EXERCISE DESCRIPTION: Every record below should be printed exactly, except for the pictures.

Images for object localization:
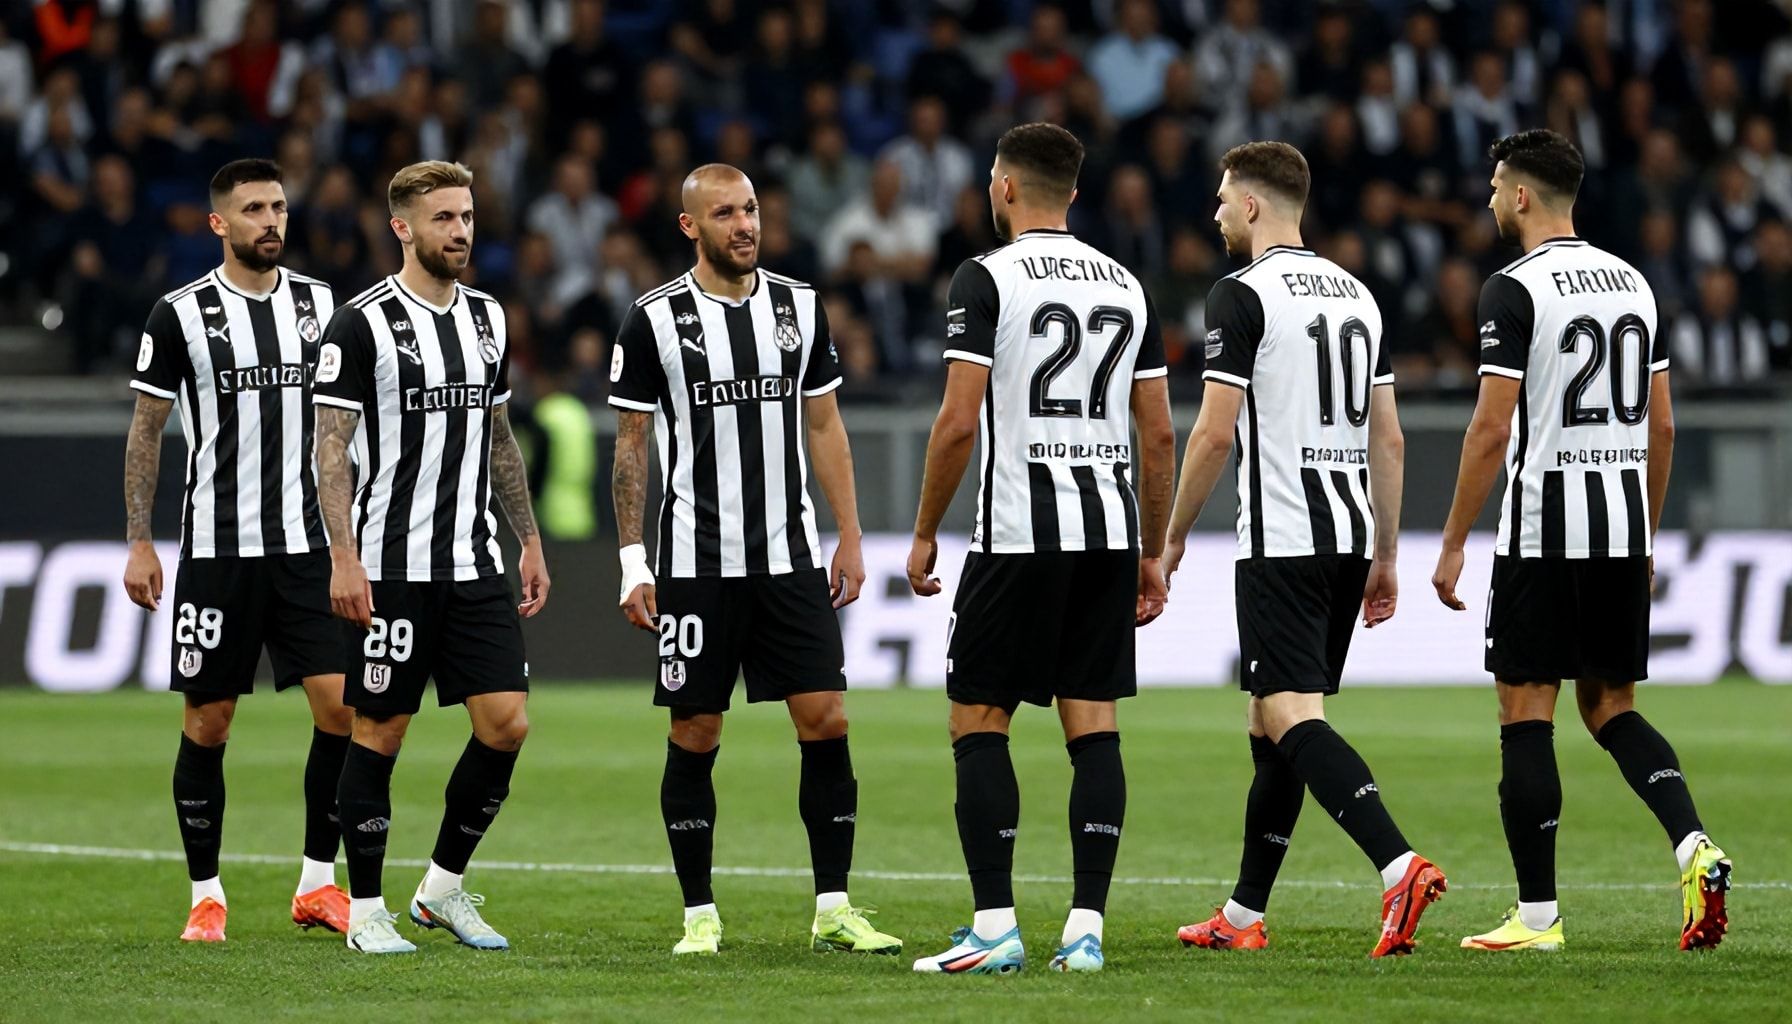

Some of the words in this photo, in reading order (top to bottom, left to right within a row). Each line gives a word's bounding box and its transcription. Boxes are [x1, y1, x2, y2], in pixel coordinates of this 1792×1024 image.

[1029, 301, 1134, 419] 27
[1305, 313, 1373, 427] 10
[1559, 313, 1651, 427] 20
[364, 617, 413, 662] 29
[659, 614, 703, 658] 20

EXERCISE OUTPUT:
Some of the words in this photo, in reading order (top to bottom, left to right within a row). Each line gives a word's bounding box and its transcription. Boxes are [x1, y1, x2, y2], in pixel coordinates of this 1792×1024 image.

[1029, 301, 1134, 419] 27
[1305, 313, 1373, 427] 10
[1559, 313, 1651, 427] 20
[364, 617, 413, 662] 29
[659, 614, 703, 658] 20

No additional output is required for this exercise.